----- The data -----

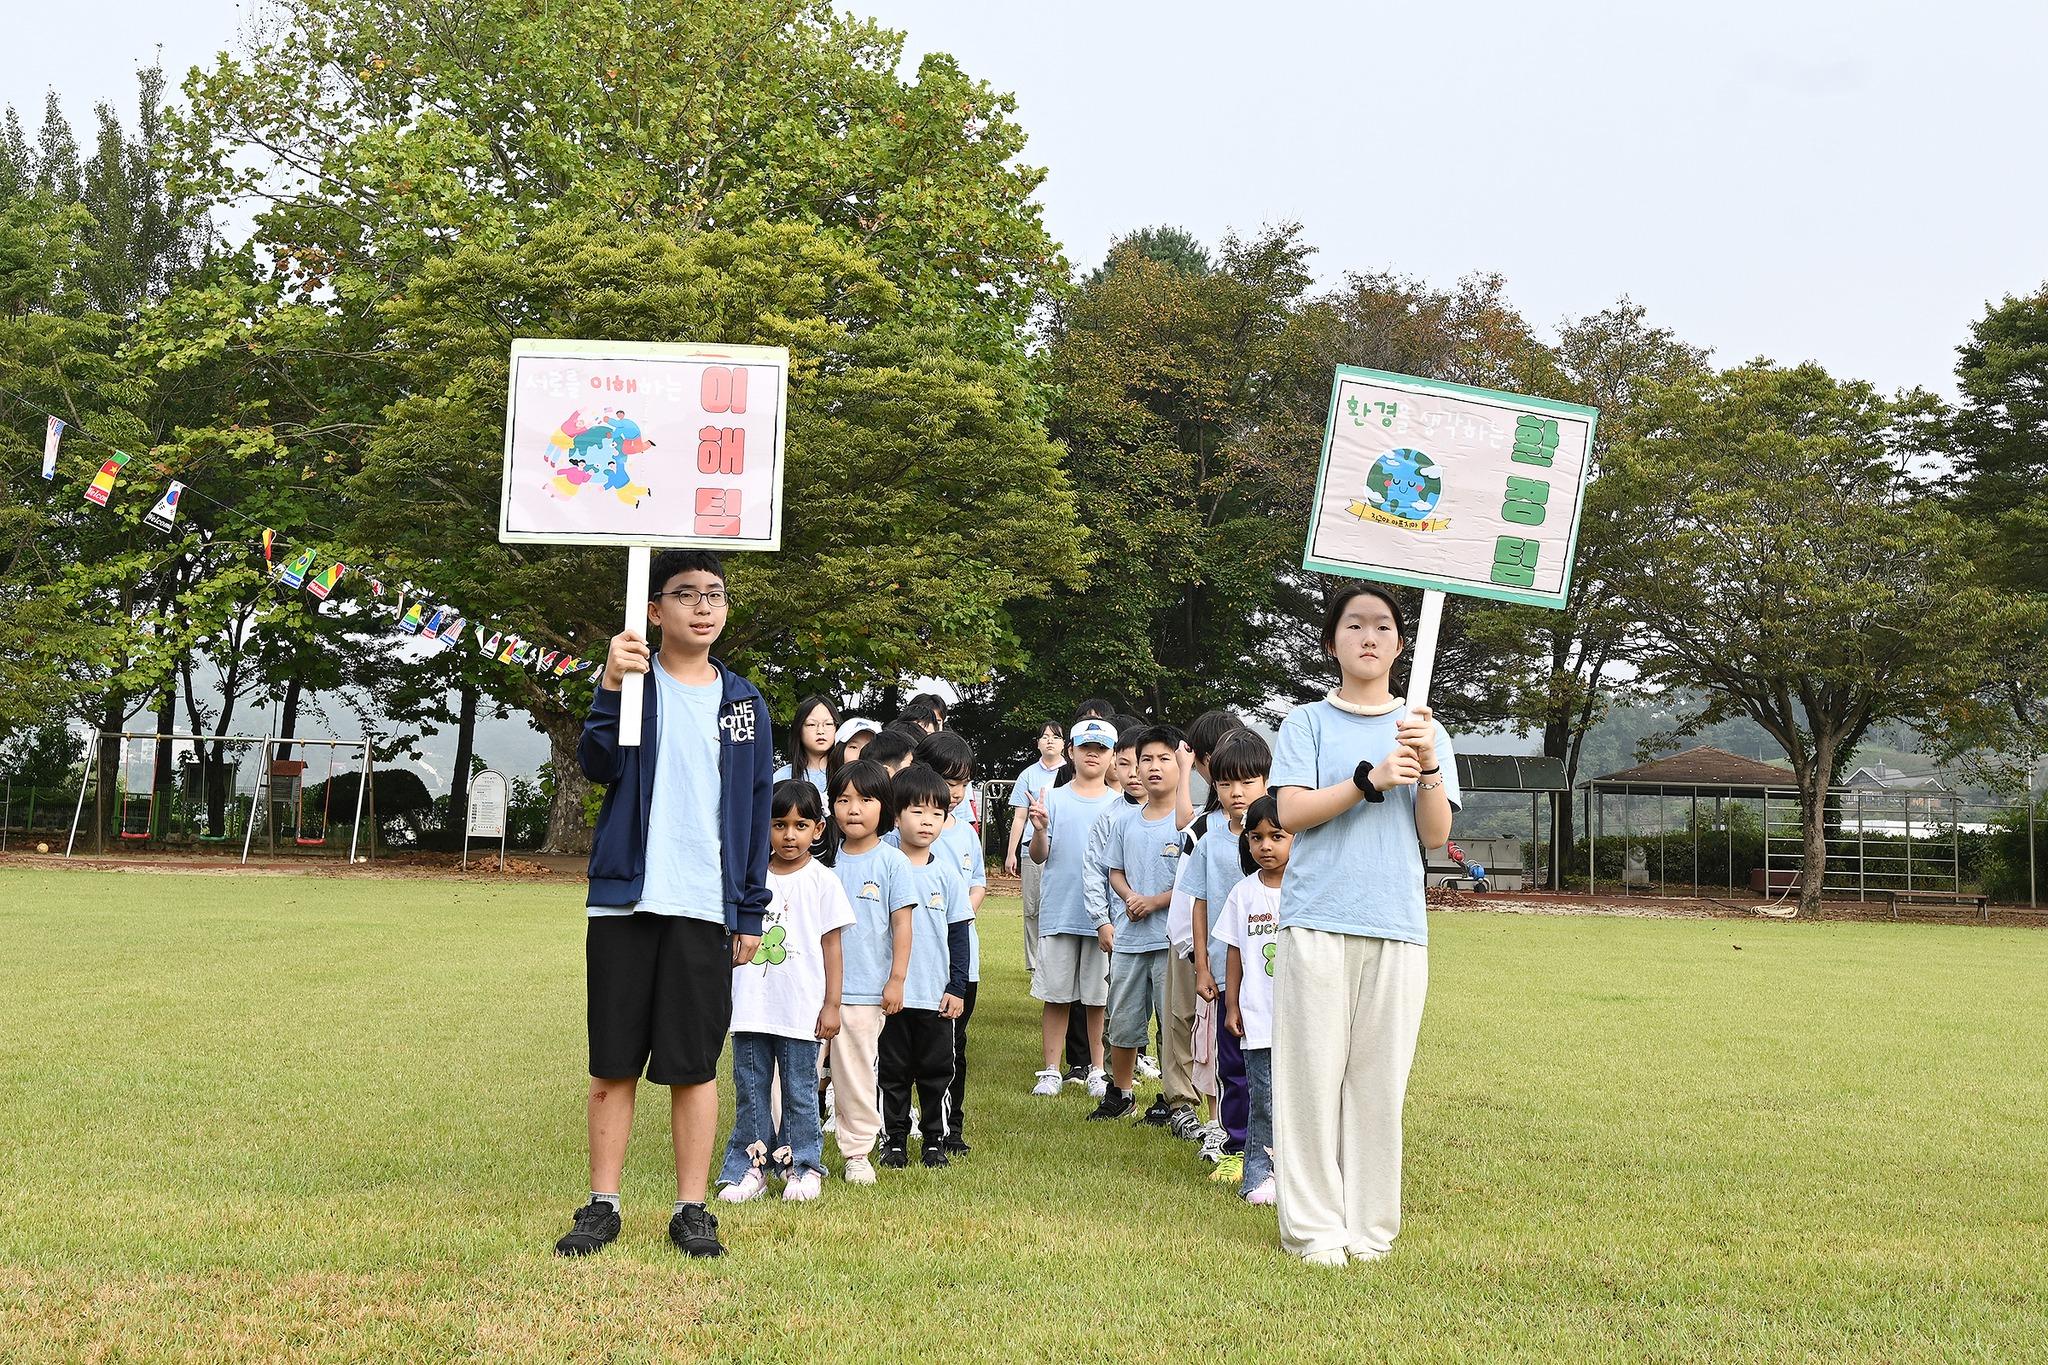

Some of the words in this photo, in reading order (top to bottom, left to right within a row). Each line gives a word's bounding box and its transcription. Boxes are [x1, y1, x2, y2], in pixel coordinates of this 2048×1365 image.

[525, 368, 580, 399] 서로를
[589, 374, 682, 401] 이해하는
[1346, 395, 1410, 435] 환경을
[1419, 411, 1505, 449] 생각하는
[732, 700, 753, 715] HE

-----

Try it: Every entry, word for word, should be given again; the pictures are not part of the copy.

Problem solution:
Some of the words in this photo, in reading order (top to bottom, left to right within a row). Each line gives a word's bounding box and its transcription. Boxes are [x1, y1, x2, y2], in pixel coordinates of this 2048×1365 image.

[525, 368, 580, 399] 서로를
[589, 374, 682, 401] 이해하는
[1346, 395, 1410, 435] 환경을
[1419, 411, 1505, 449] 생각하는
[732, 700, 753, 715] HE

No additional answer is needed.